November 22, 2024

Shelling Atlanta: A Ten Year Old Girl’s View

The burning of Atlanta by Union General Sherman is a notorious incident of the Civil War.  We can read Sherman’s own words, in a telegram to Ulysses S. Grant:

“…utter destruction of its roads, houses, and people will cripple their military resources. …I can make the march and make Georgia howl.”

Sherman’s “March to the Sea” began in the summer of 1864.  Young Carrie Berry was living in Atlanta when it started, recording it in her diary:

“We can hear the canons and muskets very plane, but the shells we dread. One has busted under the dining room which frightened us very much. One passed through the smoke-house and a piece hit the top of the house and fell through… We stay very close in the cellar when they are shelling.”

Carrie gives us an amazing view of this battle.

“Aug. 1. Monday. It was raining this morning and we thought we would not have any shelling today… but before night we had to run to the cellar.”

Young Carrie’s birthday was two days later:

Aug. 3. Wednesday. this was my birthday. I was ten years old, But I did not have a cake times were too hard so I celebrated with ironing. I hope by my next birthday we will have peace in our land so that I can have a nice dinner.

Aug. 4. Thurs. The shells have been flying all day and we have stayed in the cellar. Mama put me on some stockings this morning and I will try to finish them before school commences.

Aug. 5. Friday. I knit all the morning. In the evening we had to run to Auntie’s and get in the cellar. We did not feel safe in our cellar, they fell so thick and fast.

Things went on like this.  On August 11th Carrie wrote, “How I wish the federals would quit shelling us so that we could get out and get some fresh air.”  A few days later she wrote, “I dislike to stay in the cellar so close but our soldiers have to stay in ditches.”  Then she had a close call when she ventured outside:

Aug. 15. Mon. We had no shells this morning when we got up and we thought that we would not have any today (but, my, when will they stop) but soon after breakfast Zuie and I were standing on the platform between the house and the dining room. It made a very large hole in the garden and threw the dirt all over the yard. I never was so frightened in my life. Zuie was as pale as a corpse and I expect I was too. It did not take us long to fly to the cellar…

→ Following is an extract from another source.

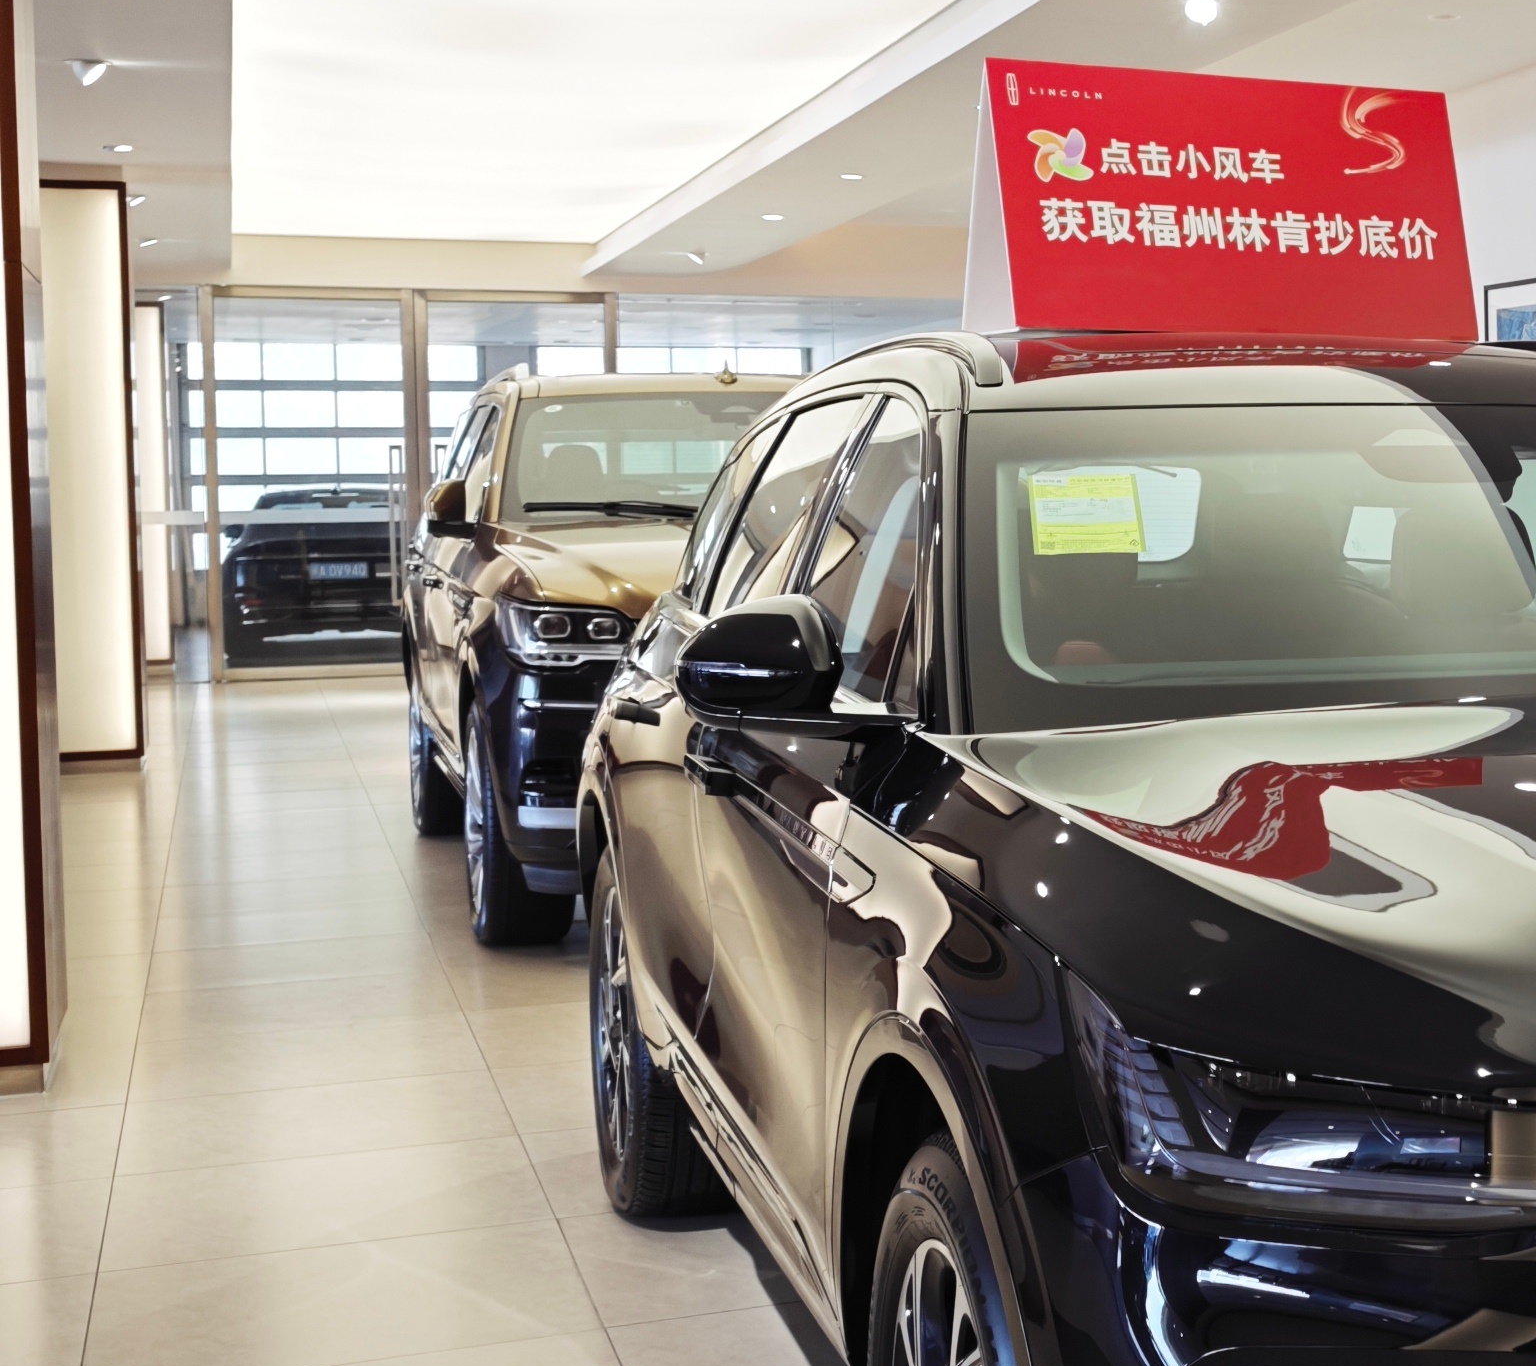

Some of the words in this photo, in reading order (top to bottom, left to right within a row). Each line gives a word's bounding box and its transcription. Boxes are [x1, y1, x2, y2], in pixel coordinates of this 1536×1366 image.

[1029, 87, 1103, 100] LINCOLN
[1100, 138, 1285, 184] 点击小风车
[1039, 197, 1438, 261] 获取福州林肯抄底价

The situation became even more dangerous.  On the 22nd, Carrie and her family moved into another home, closer to the center of town:

Aug. 23. Tues. We feel very comfortable since we have moved but Mama is fretted to death all the time for fear of fire. There is a fire in town nearly every day. I get so tired of being housed up all the time. The shells get worse and worse every day. O that something would stop them.

A few days later Carrie wrote that they had heard the Union soldiers had abandoned their positions.  Carrie wrote that she hoped they were returning to Tennessee.  Things remained calm, so:

Aug. 27. Sat. We moved home this morning and we have been busy trying to get things regulated. I feel so glad to get home and have no shells around us.

The next few days were pleasant as things seemed to be returning to normal, until the first of September:

Sept. 1. Thurs. We did not get home untill twelve o’clock. We had a very pleasant time and every thing seemed quiet. Directly after dinner Cousin Emma came down and told us that Atlanta would be evacuated this evening and we might look for the federals in the morning. It was not long till the whole town found it out and such excitement there was. We have been looking for them all the evening but they have not come yet.  Mr. came in to tell us that dear Cousin Henry was wounded and he thought he would not get well. We are so sorry to hear it. We loved him so much…

It was now only hours before Union soldiers would begin entering the city.  Carrie tells what happened, and you can read about it in Part II of this series.  Click here.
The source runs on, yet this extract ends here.